**Exercise details**: Pictures are to be dropped. Everything else in the listing gets copied exactly.

**Extracted data**:

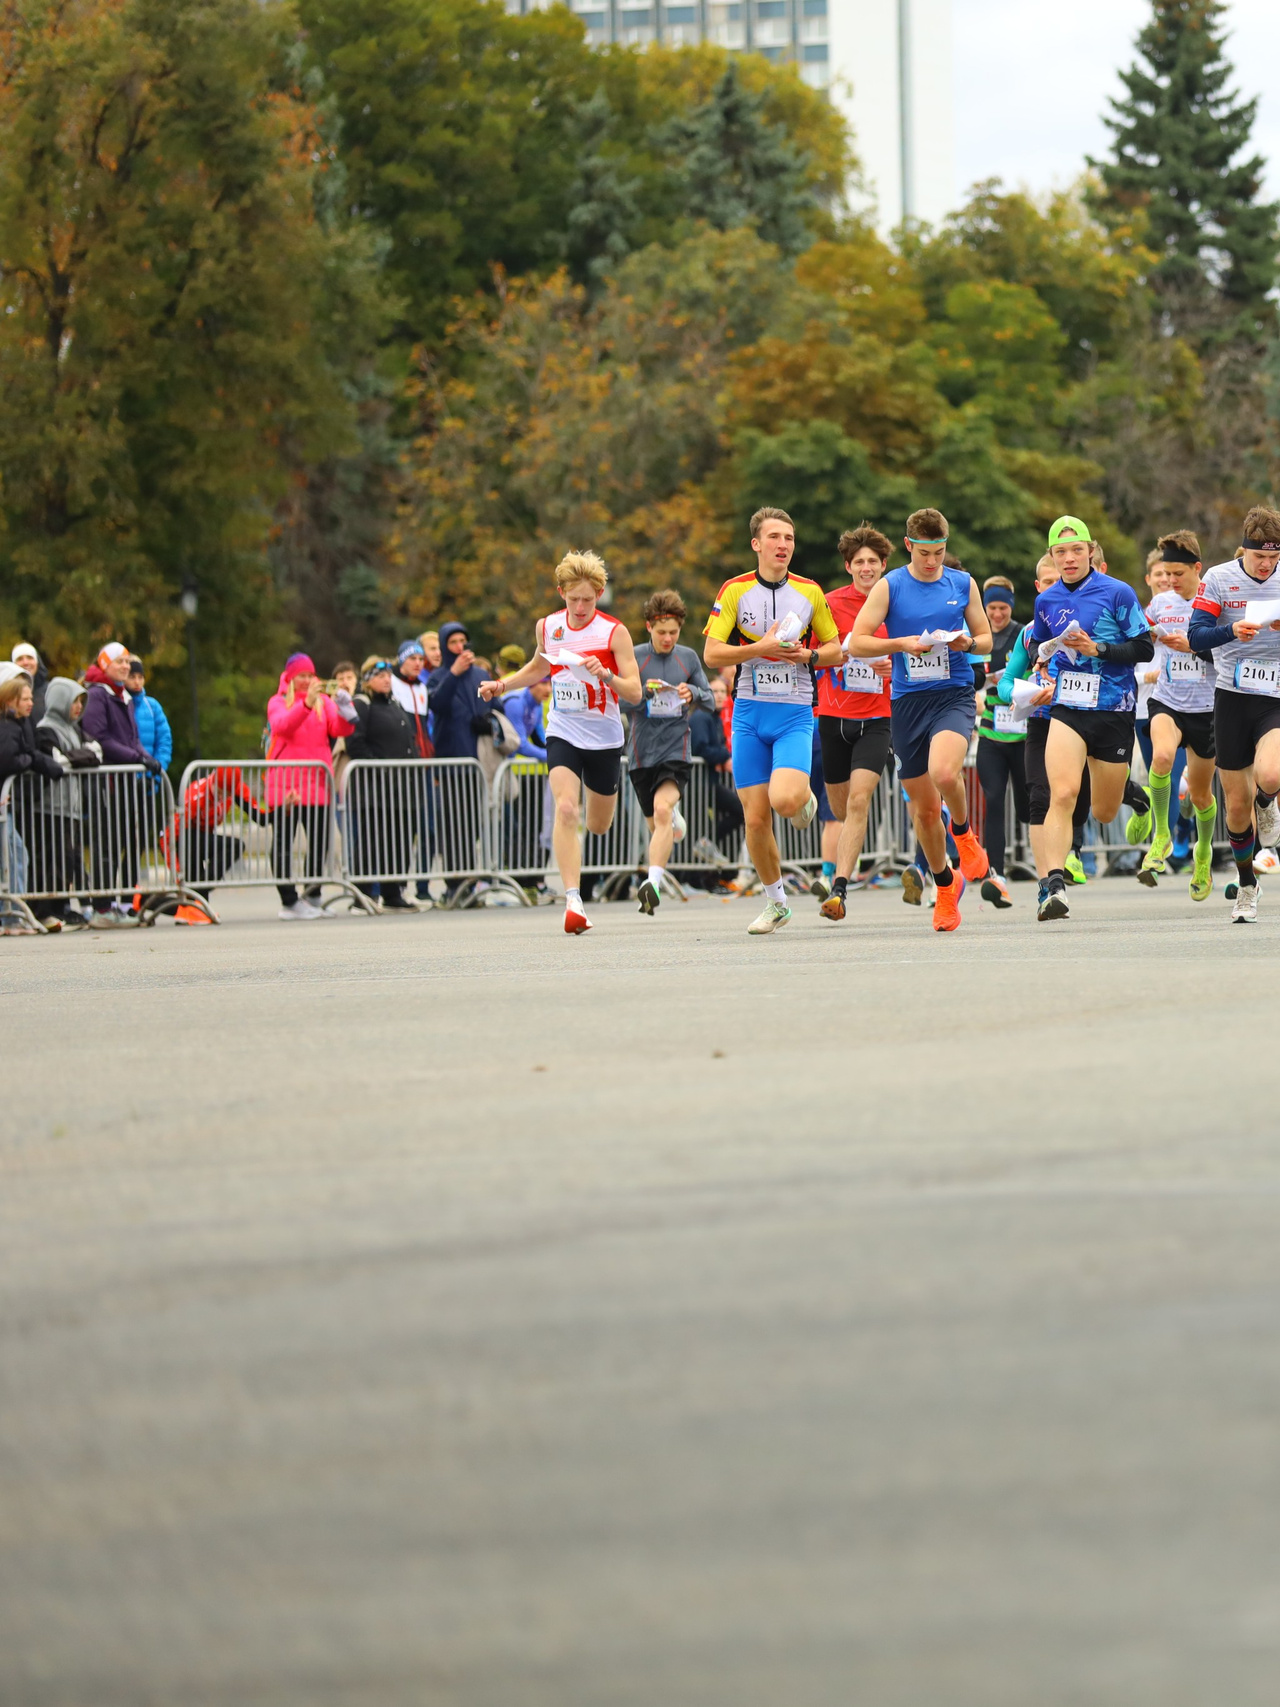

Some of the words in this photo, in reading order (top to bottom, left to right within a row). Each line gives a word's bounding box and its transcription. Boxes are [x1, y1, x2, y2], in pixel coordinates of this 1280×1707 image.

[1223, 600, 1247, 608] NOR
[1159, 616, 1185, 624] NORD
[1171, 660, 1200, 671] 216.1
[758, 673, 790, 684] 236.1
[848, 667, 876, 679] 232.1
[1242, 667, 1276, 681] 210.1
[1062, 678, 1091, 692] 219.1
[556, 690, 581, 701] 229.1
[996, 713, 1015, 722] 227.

**Output below**:
Some of the words in this photo, in reading order (top to bottom, left to right within a row). Each line gives a word's bounding box and its transcription. Boxes are [x1, y1, x2, y2], in pixel coordinates of this 1280×1707 image.

[1223, 600, 1247, 608] NOR
[1159, 616, 1185, 624] NORD
[1171, 660, 1200, 671] 216.1
[758, 673, 790, 684] 236.1
[848, 667, 876, 679] 232.1
[1242, 667, 1276, 681] 210.1
[1062, 678, 1091, 692] 219.1
[556, 690, 581, 701] 229.1
[996, 713, 1015, 722] 227.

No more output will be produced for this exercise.